* WORK TASK
Could you repeat the records below exactly, without the pictures?

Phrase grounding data
=-=-=-=-=
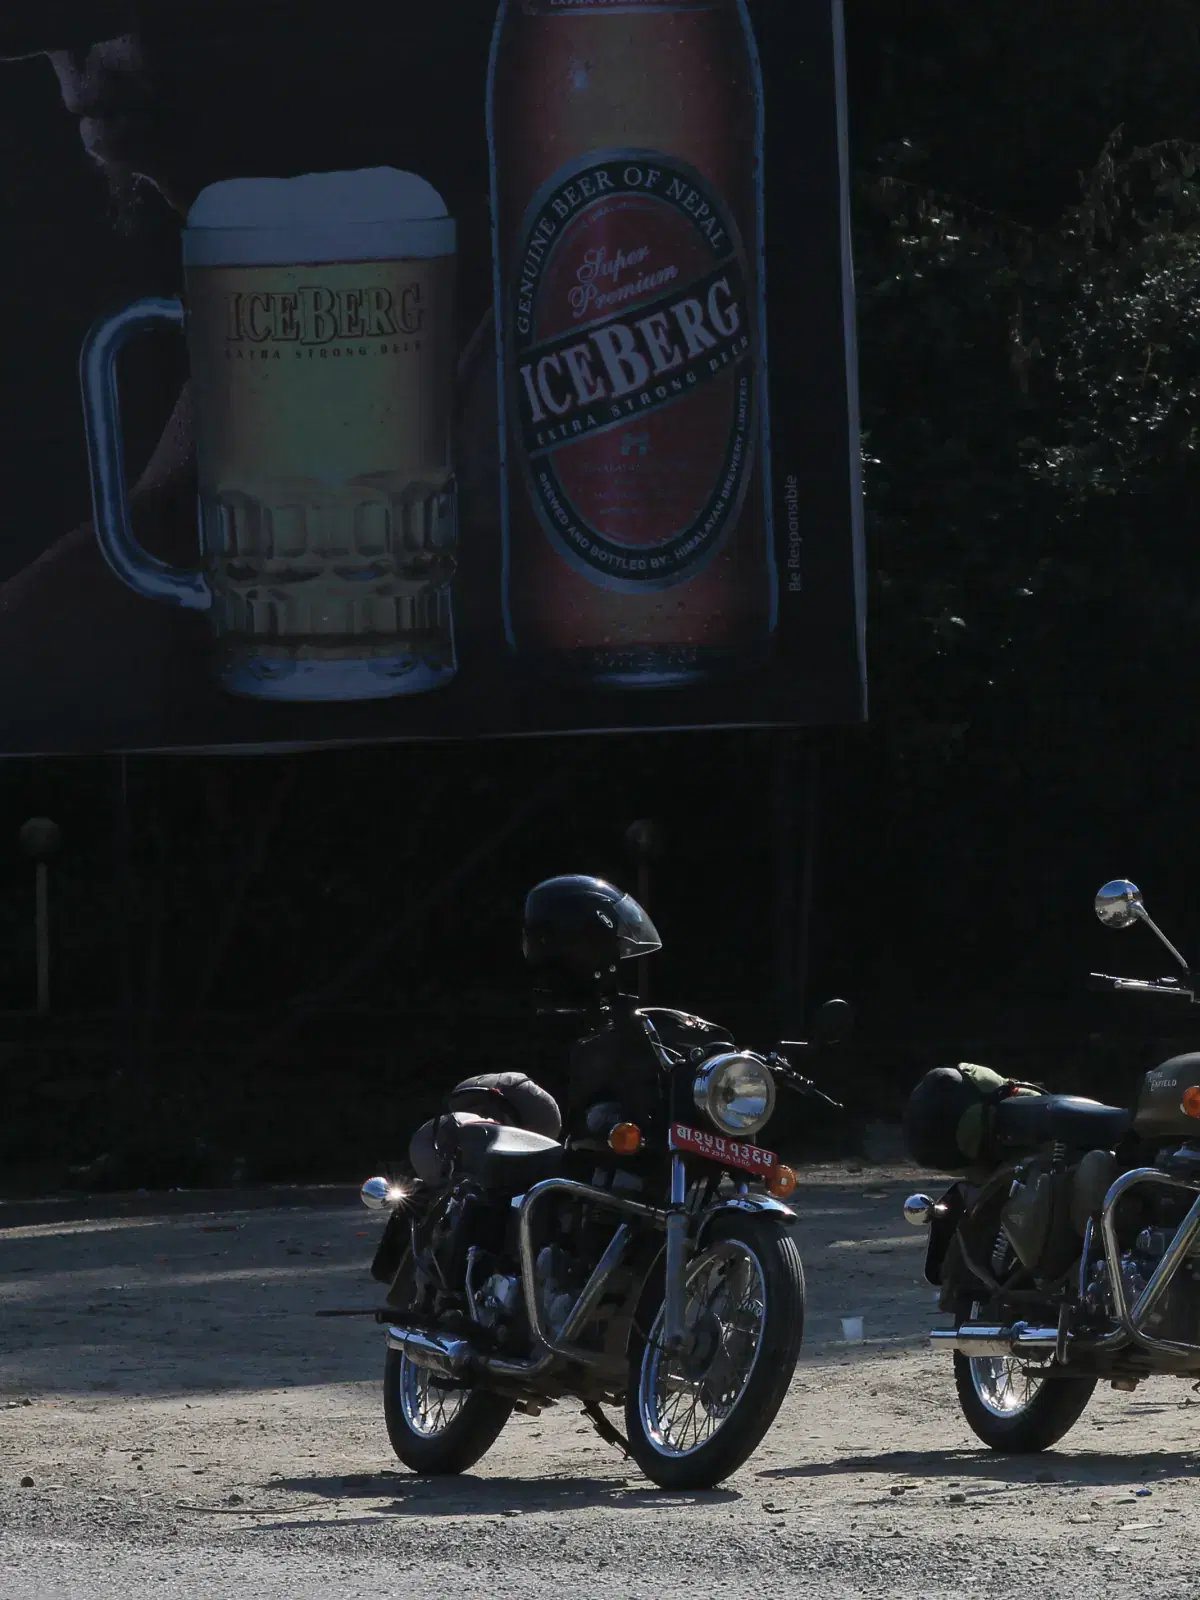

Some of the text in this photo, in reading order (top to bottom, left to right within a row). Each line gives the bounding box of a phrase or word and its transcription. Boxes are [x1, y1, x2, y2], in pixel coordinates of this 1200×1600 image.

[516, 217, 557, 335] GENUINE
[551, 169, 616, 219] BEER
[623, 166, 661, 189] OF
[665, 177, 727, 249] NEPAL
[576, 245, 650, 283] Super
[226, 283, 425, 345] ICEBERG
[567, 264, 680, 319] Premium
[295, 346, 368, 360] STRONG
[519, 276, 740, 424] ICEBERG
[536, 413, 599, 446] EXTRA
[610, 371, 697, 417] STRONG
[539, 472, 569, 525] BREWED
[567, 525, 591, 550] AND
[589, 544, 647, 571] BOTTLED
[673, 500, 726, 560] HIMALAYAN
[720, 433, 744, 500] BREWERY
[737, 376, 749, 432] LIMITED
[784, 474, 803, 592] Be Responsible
=-=-=-=-=
* OUTPUT OF THE EXERCISE
Some of the text in this photo, in reading order (top to bottom, left to right within a row). Each line gives the bounding box of a phrase or word and its transcription. Boxes are [x1, y1, x2, y2], in pixel coordinates of this 1200×1600 image.

[516, 217, 557, 335] GENUINE
[551, 169, 616, 219] BEER
[623, 166, 661, 189] OF
[665, 177, 727, 249] NEPAL
[576, 245, 650, 283] Super
[226, 283, 425, 345] ICEBERG
[567, 264, 680, 319] Premium
[295, 346, 368, 360] STRONG
[519, 276, 740, 424] ICEBERG
[536, 413, 599, 446] EXTRA
[610, 371, 697, 417] STRONG
[539, 472, 569, 525] BREWED
[567, 525, 591, 550] AND
[589, 544, 647, 571] BOTTLED
[673, 500, 726, 560] HIMALAYAN
[720, 433, 744, 500] BREWERY
[737, 376, 749, 432] LIMITED
[784, 474, 803, 592] Be Responsible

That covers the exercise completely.